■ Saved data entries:
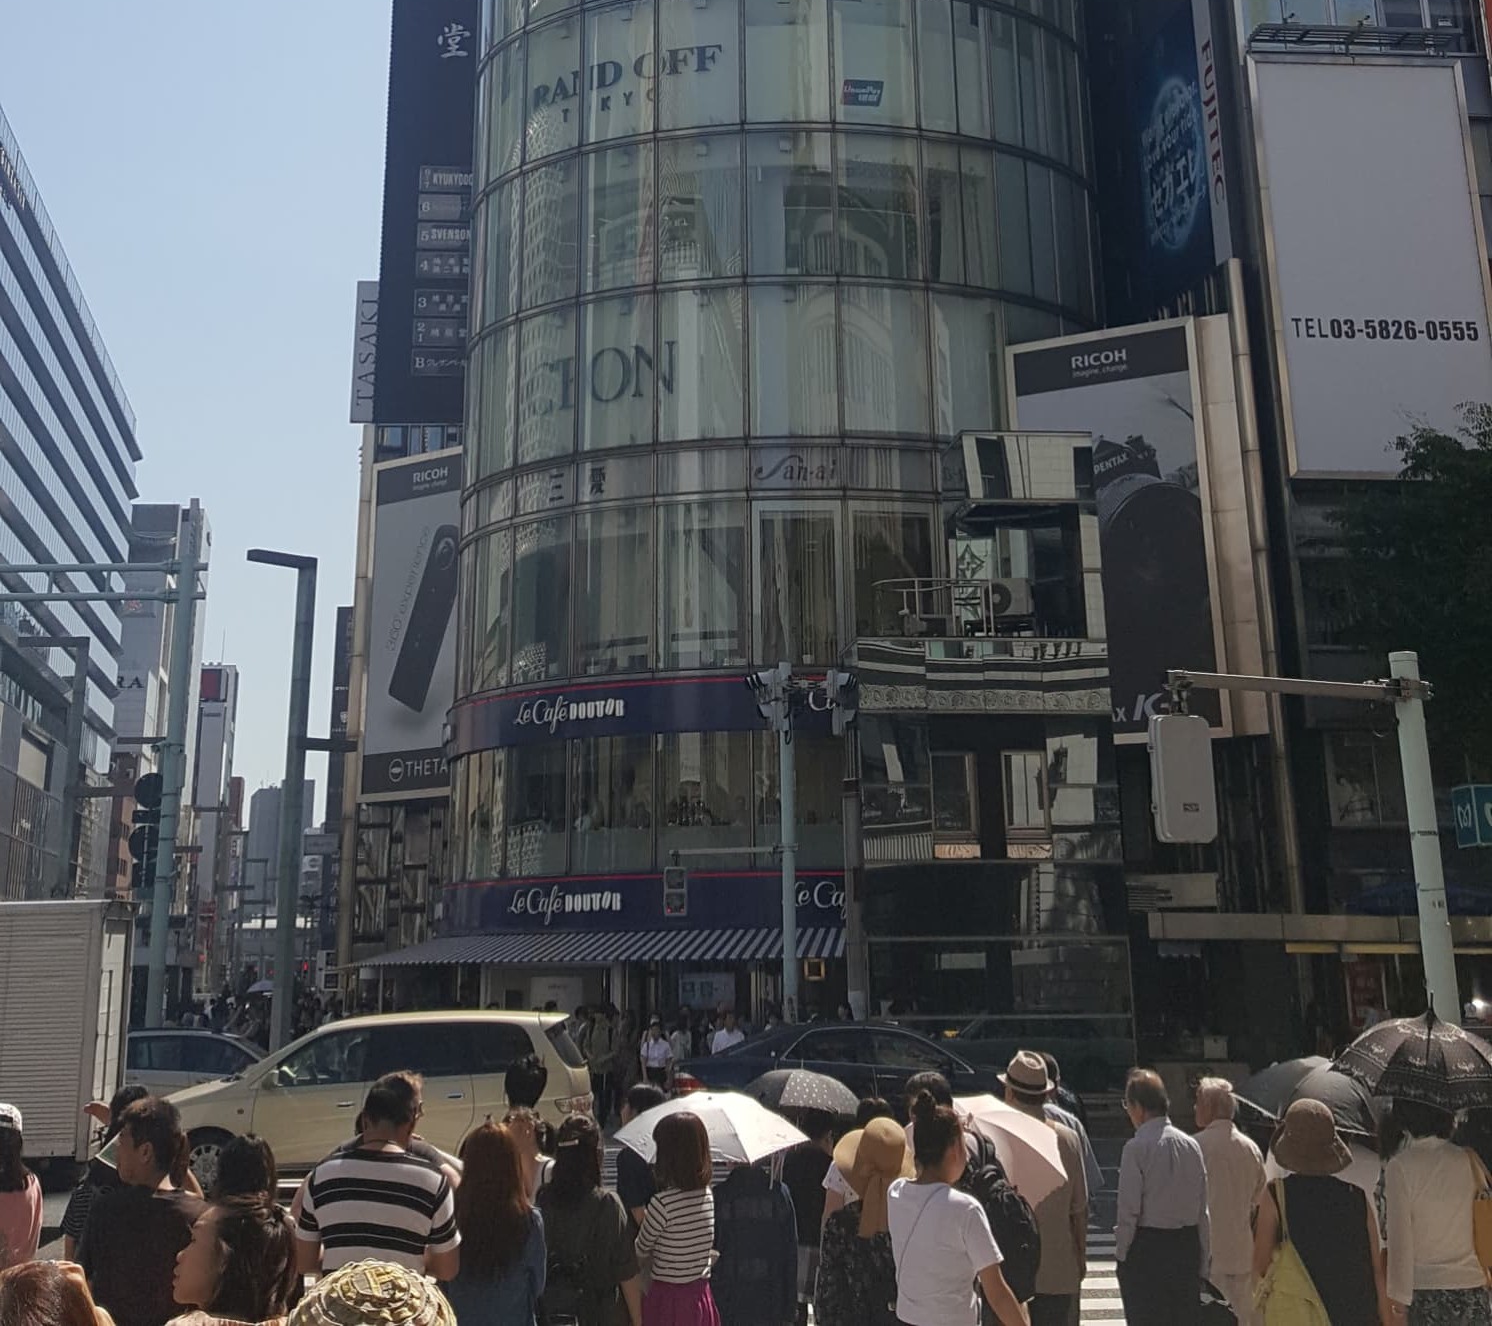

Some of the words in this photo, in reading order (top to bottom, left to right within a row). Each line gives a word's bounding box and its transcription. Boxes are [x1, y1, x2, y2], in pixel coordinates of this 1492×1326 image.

[1201, 40, 1225, 205] FUJITEC
[418, 297, 427, 309] 3
[356, 299, 379, 407] TASAKI
[414, 357, 425, 369] B
[1071, 347, 1127, 369] RICOH
[412, 466, 449, 483] RICOH
[1093, 451, 1129, 475] PENTAX
[532, 695, 569, 735] Café
[569, 697, 625, 721] DOUTOR
[405, 757, 448, 779] THETA
[526, 884, 564, 926] Café
[564, 890, 621, 913] DOUTOR
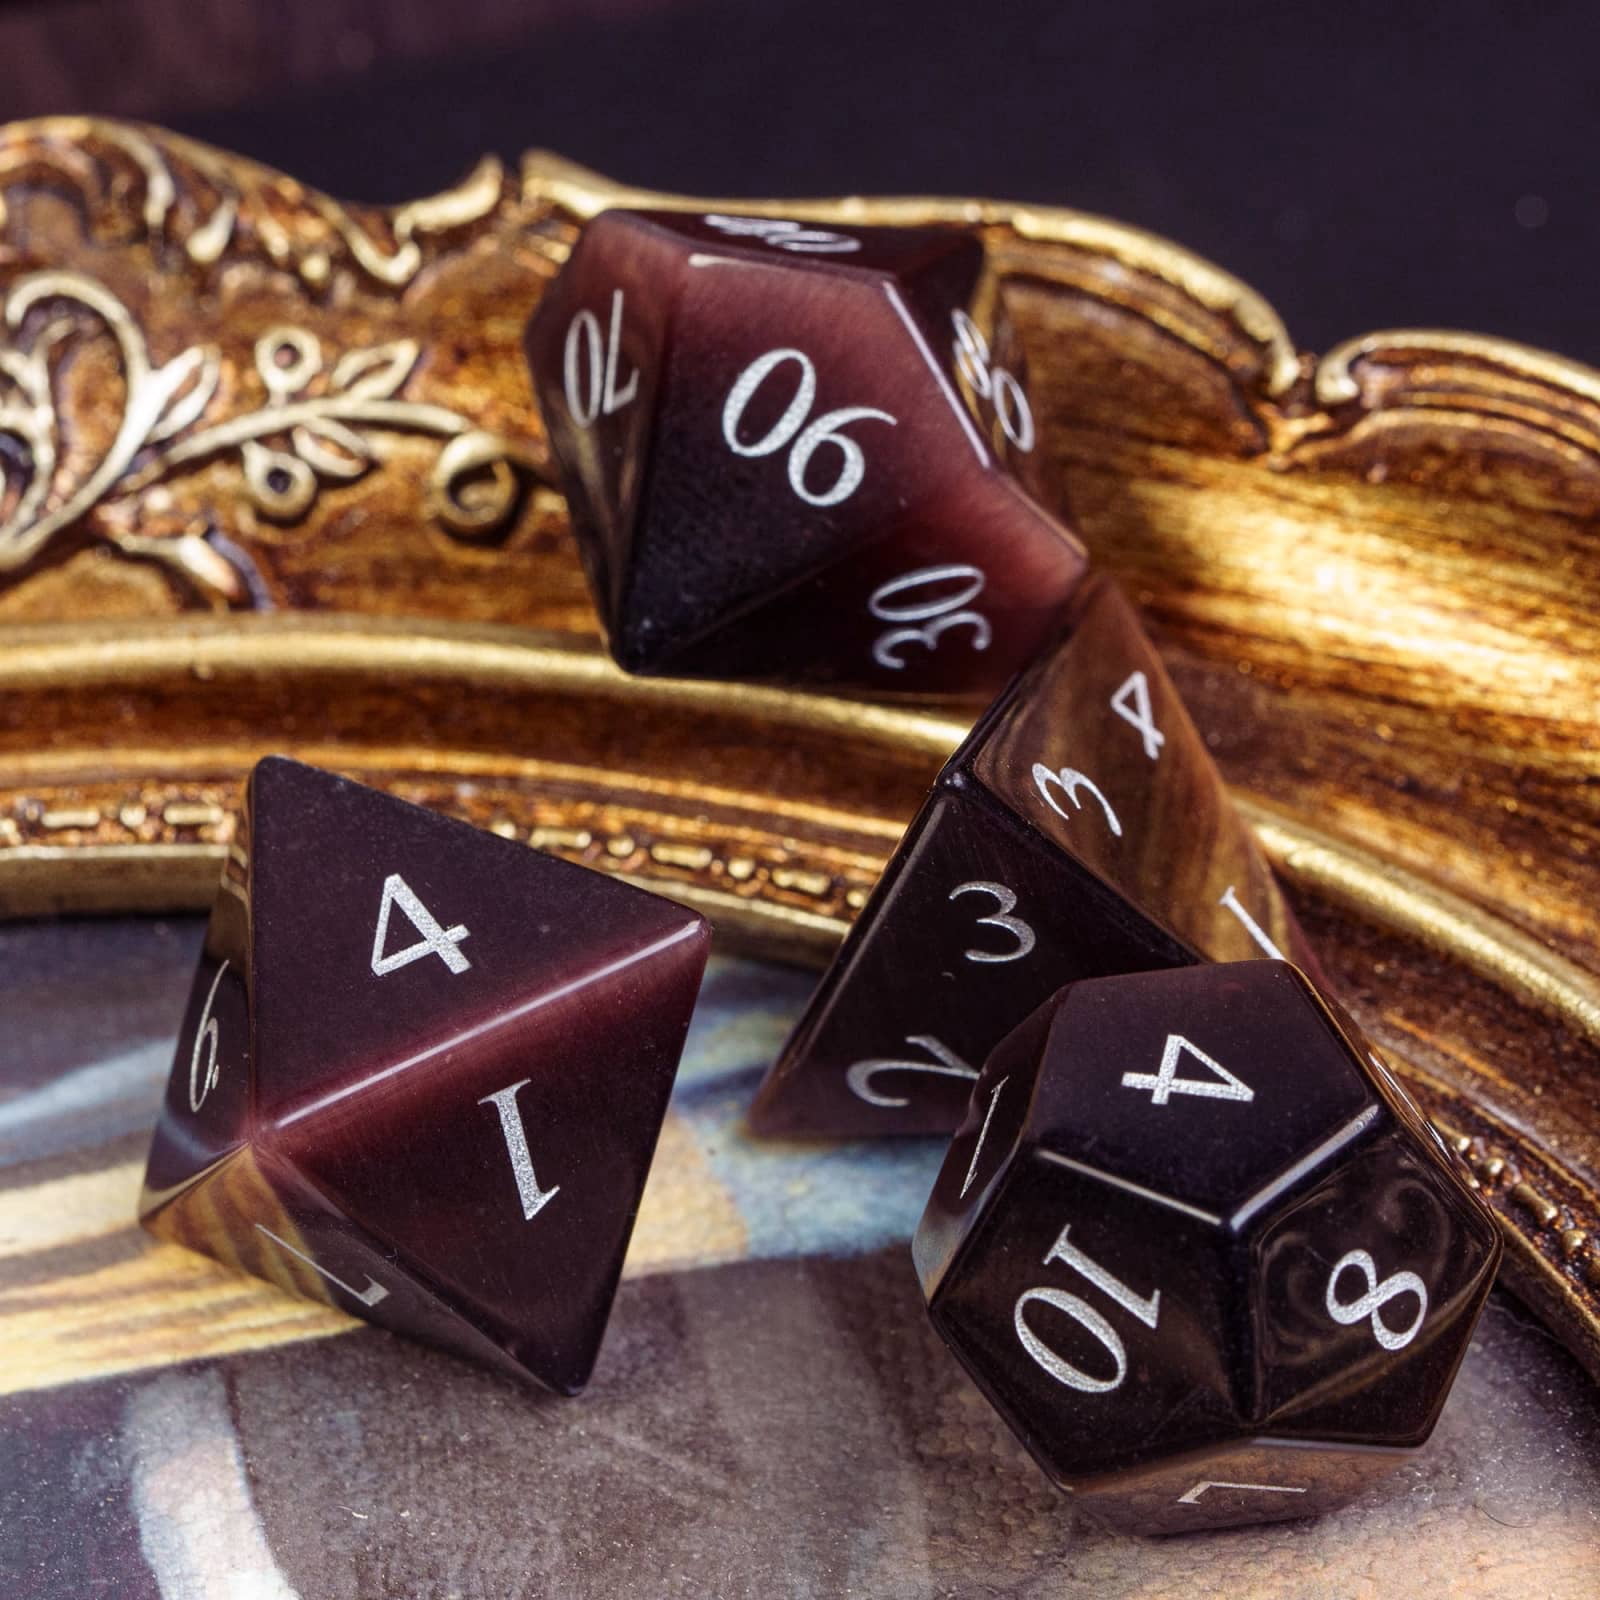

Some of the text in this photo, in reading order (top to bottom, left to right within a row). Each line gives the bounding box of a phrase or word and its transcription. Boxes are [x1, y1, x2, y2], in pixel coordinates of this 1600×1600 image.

[564, 288, 640, 427] 70
[868, 564, 992, 669] 30
[1110, 670, 1165, 760] 4
[1031, 762, 1122, 837] 3
[370, 873, 472, 976] 4
[948, 880, 1036, 962] 3
[846, 1035, 980, 1107] 2
[1121, 1034, 1254, 1105] 4
[477, 1078, 561, 1221] 1
[1014, 1223, 1161, 1393] 10
[1325, 1248, 1428, 1351] 8

■ Exercise objective:
A verbatim copy of every record above is required, with all pictures omitted.

■ Solution to this problem:
Some of the words in this photo, in reading order (top to bottom, left to right within a row). Each line gives a word's bounding box and its transcription. Boxes are [x1, y1, x2, y2], in pixel coordinates of this 1492×1326 image.

[1201, 40, 1225, 205] FUJITEC
[418, 297, 427, 309] 3
[356, 299, 379, 407] TASAKI
[414, 357, 425, 369] B
[1071, 347, 1127, 369] RICOH
[412, 466, 449, 483] RICOH
[1093, 451, 1129, 475] PENTAX
[532, 695, 569, 735] Café
[569, 697, 625, 721] DOUTOR
[405, 757, 448, 779] THETA
[526, 884, 564, 926] Café
[564, 890, 621, 913] DOUTOR

Some of the text in this photo, in reading order (top to bottom, left to right within a row). Each line gives the bounding box of a phrase or word and its transcription. Boxes are [x1, y1, x2, y2], in pixel coordinates of this 1600×1600 image.

[564, 288, 640, 427] 70
[868, 564, 992, 669] 30
[1110, 670, 1165, 760] 4
[1031, 762, 1122, 837] 3
[370, 873, 472, 976] 4
[948, 880, 1036, 962] 3
[846, 1035, 980, 1107] 2
[1121, 1034, 1254, 1105] 4
[477, 1078, 561, 1221] 1
[1014, 1223, 1161, 1393] 10
[1325, 1248, 1428, 1351] 8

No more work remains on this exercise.